Qualche considerazione in ordine sparso sul famigerato “cubo” da pochi giorni apparso in tutto il suo splendore a Piazzale Roma.
- le reazioni (per la maggior parte negative) sono state quasi esclusivamente centrate sull’estetica dell’opera e non contestano in sé il fatto che si tratti di una costruzione dichiaratamente moderna. Nessuna (o poca) nostalgia per falsi storici tipo Palazzo Franchetti. È un fatto da registrare con soddisfazione, se pensiamo che solo pochi mesi fa è stato scacciato con ignominia il ragazzo con la rana colpevole di aver sloggiato un… lampione da Punta della Dogana. Insomma, a Venezia, regno del “dov’era, com’era”, dove non si è per esempio colta l’occasione di fare un Ponte dell’Accademia nuovo di zecca perché tutti lo volevano rifatto in legno, è già un progresso;
- assieme alle rimostranze, anche giustificate, non ci siamo fatti mancare eccessi di isterismo e di dietrologia. E via con la denuncia apocalittica della fine dell’identità di Venezia, della città dannata e venduta, di interessi occulti, del business malato, insomma tutto il repertorio classico. In questo caso ogni dietrologia lascia il tempo che trova: le numerose ricostruzioni riportate dalla stampa dimostrano che tutta la vicenda è nata e si è sviluppata molti anni fa, in termini perfettamente legali e certo non c’entra nulla l’asserito, drammatico declino degli ultimi anni. Vagamente isterica anche la reazione sulla qualità dell’opera (s’intende: certamente discutibile), quasi che siccome siamo a Venezia qualsiasi opera moderna debba essere per forza degna di un libro di storia dell’arte. Un po’ di umiltà non guasterebbe;
- stranamente, mi permetto un po’ di ironia, non è ancora arrivata la lettera dell’UNESCO che radia Venezia dai siti riconosciuti patrimonio dell’umanità. Ricordate le accorate denuncie dei vari tragediografi in servizio permanente all’epoca del Palais Lumière? Per una costruzione lontana una decina di chilometri, che si intravedeva nello skyline, era asseritamente certa la condanna senza appello dell’UNESCO. Mi chiedo come mai, per po’ po’ di cubo in Venezia nessuno (men che meno l’UNESCO) abbia tirato in ballo la questione. A riprova, se mai ce ne fosse stato bisogno, che il rischio tanto sbandierato da Italia Nostra e compagnia era una bufala colossale;
- Stupisce peraltro lo stupore delle suddette sentinelle della purezza della venezianità che, dopo anni ed anni di cantiere, ora e solo ora che sono stati tolti i veli alla struttura, gridano all’orrore: forse che gli atti autorizzativi di Comune, Salvaguardia, Soprintendenza non erano pubblici e noti? Non avrebbero dovuto, eventualmente, intervenire, denunciare, indignarsi, ecc. prima? Macché: apprendiamo per esempio che la soave Ilaria Borletti Buitoni, Sottosegretario alla Cultura, quella riconoscibile per andarsene in giro con un vero e proprio abuso edilizio in testa (la sua terrificante messa in piega), si dice orripilata e si riserva di “studiare le carte”. Adesso, a latte versato. Appunto.

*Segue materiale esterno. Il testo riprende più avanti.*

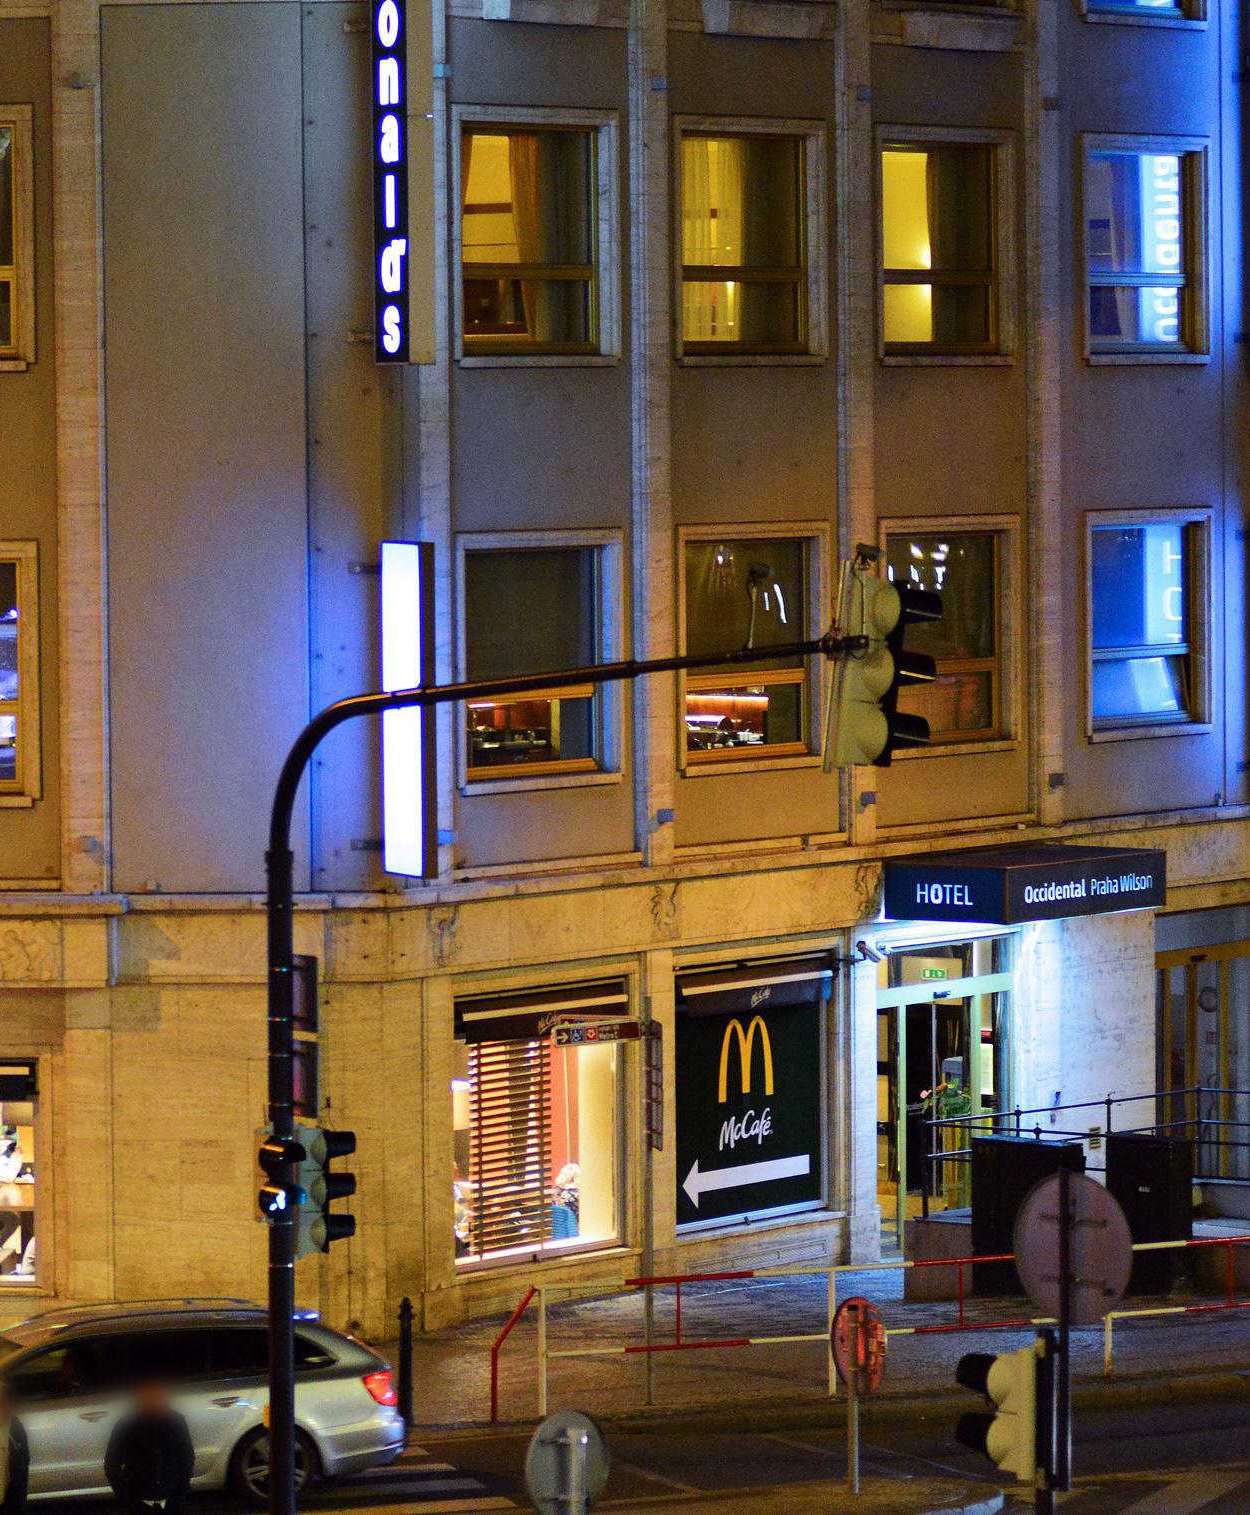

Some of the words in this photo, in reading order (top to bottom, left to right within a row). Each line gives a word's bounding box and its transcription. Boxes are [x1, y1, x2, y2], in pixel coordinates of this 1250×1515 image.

[916, 883, 974, 906] HOTEL
[1024, 881, 1086, 904] Occidental
[1090, 878, 1119, 896] Praha
[1119, 872, 1153, 892] Wilson
[719, 1107, 771, 1151] McCafé
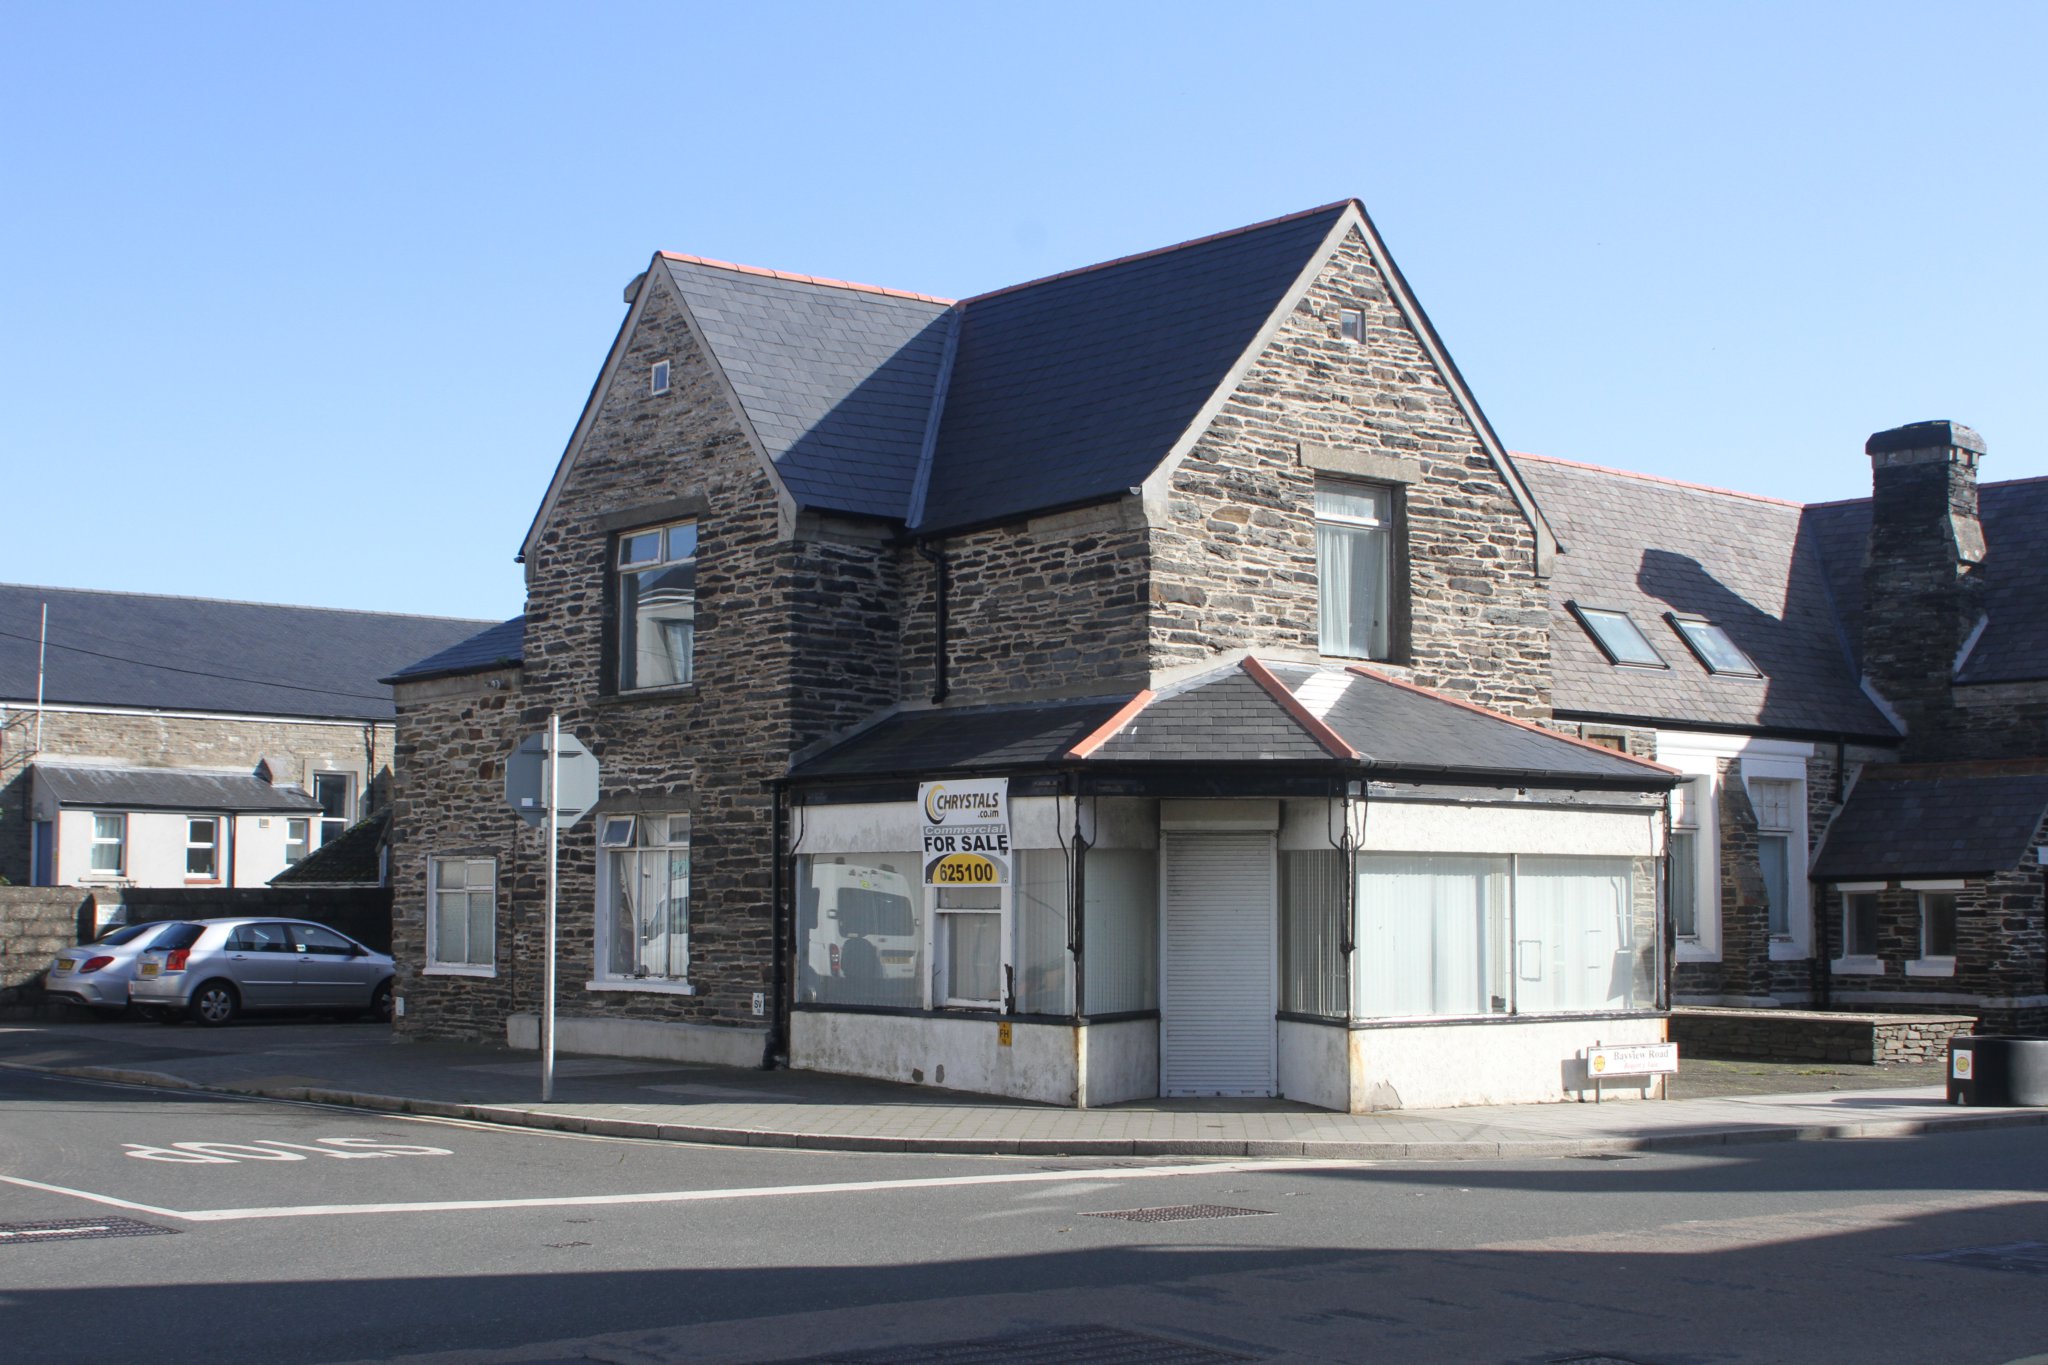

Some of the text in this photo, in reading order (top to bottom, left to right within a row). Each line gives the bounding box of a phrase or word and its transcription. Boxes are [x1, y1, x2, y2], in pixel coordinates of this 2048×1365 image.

Circa l’aspetto estetico, personalmente trovo il cubo bruttino (non orrendo). È indubbiamente un pugno su un occhio l’accostamento con la preesistente struttura dell’Hotel S. Chiara (architettura peraltro mediocre), aggravata dal fatto che si affaccia sul Canal Grande. Ma la mia umilissima opinione (di non architetto, critico o storico dell’arte) vale il tempo che trova. Illustri commentatori (per esempio Philippe D’Averio) lo hanno promosso.

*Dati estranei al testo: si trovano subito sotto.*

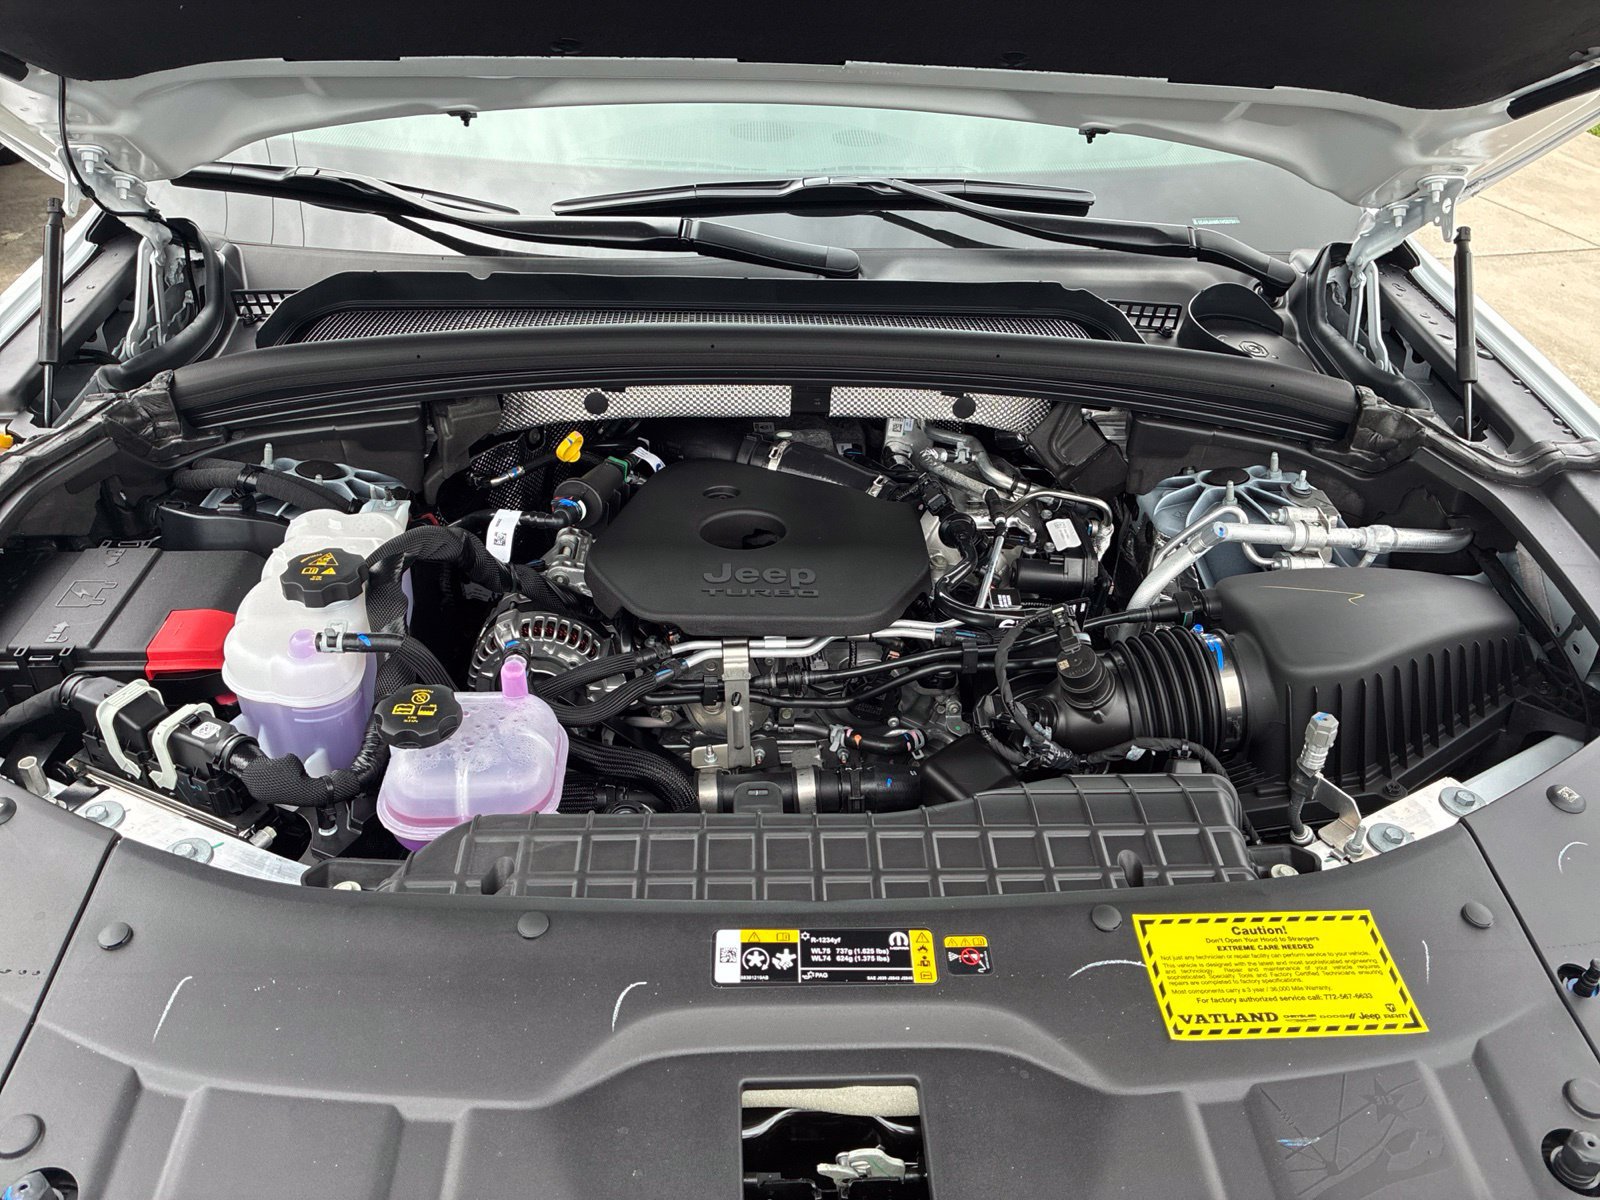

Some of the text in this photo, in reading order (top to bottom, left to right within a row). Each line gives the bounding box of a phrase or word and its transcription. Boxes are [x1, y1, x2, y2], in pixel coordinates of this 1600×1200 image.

[703, 563, 817, 589] Jeep
[701, 588, 819, 598] TURBO
[1231, 925, 1287, 936] Caution!
[810, 937, 842, 945] R-1234yf
[1287, 935, 1320, 943] Strangers
[836, 948, 853, 956] 737g
[875, 947, 890, 956] lbs)
[1216, 944, 1256, 952] EXTREME
[836, 955, 853, 963] 624g
[854, 955, 876, 963] (1.375
[876, 955, 890, 963] lbs)
[1250, 952, 1270, 960] facility
[1282, 951, 1306, 959] perform
[1205, 961, 1233, 969] designed
[1304, 958, 1344, 967] sophisticated
[1344, 957, 1378, 965] engineering
[1262, 965, 1301, 973] maintenance
[1357, 963, 1381, 971] requires
[1209, 973, 1235, 981] Specialty
[1270, 971, 1293, 979] Factory
[1322, 969, 1356, 977] Technicians
[1200, 979, 1232, 987] completed
[1240, 978, 1261, 986] factory
[1187, 988, 1225, 996] components
[1270, 985, 1291, 993] 36,000
[1210, 996, 1237, 1005] factory
[1239, 995, 1279, 1004] authorized
[1279, 994, 1306, 1002] service
[1307, 993, 1323, 1001] call:
[1177, 1012, 1279, 1025] VATLAND
[1358, 1011, 1381, 1021] Jeep

Una osservazione interessante invece è il fatto che (per testimonianza convergente sia degli architetti che hanno firmato l’opera sia di Cacciari) il progetto originale era ben diverso, con una facciata ricoperta di piastrelle vetrate. La versione attuale, così essenziale, così minimalista, così algida, così chiaramente ispirata allo stile razionalista degli anni 30-40 è stata voluta e pretesa dalla Soprintendenza. È la Soprintendenza quindi il vero autore e responsabile del manufatto. E non è evidentemente un caso che lo stesso minimalismo, lo stesso disadorno monocromatismo, la stessa fredda geometria siano la cifra stilistica della pensilina del tram e soprattutto della Cittadella della Giustizia (sicuramente più brutta del cubo). Unica eccezione recente a quanto sopra, il ponte di Calatrava. E non casualmente il Ponte ha messo d’accordo tutti (fatto salvo per gli irriducibili) dal punto di vista estetico. Comunque suscitando una marea di critiche (costoso, pericoloso, inutile, con l’orrido ovetto) ma con una generale convergenza sul fatto che il ponte in sé sia bellissimo.
Siamo quindi di fronte ad una precisa scelta di indirizzo della Soprintendenza che evidentemente ritiene che l’unico contemporaneo possibile in centro storico (per lo meno a Piazzale Roma) sia questo minimalismo esasperato. Forse con l’intento di essere il meno possibile invasivo? Se così fosse, va detto che l’effetto è esattamente il contrario.
Ne riparleremo alla prossima occasione. Per ora, speriamo di abituarci con il tempo al cubo.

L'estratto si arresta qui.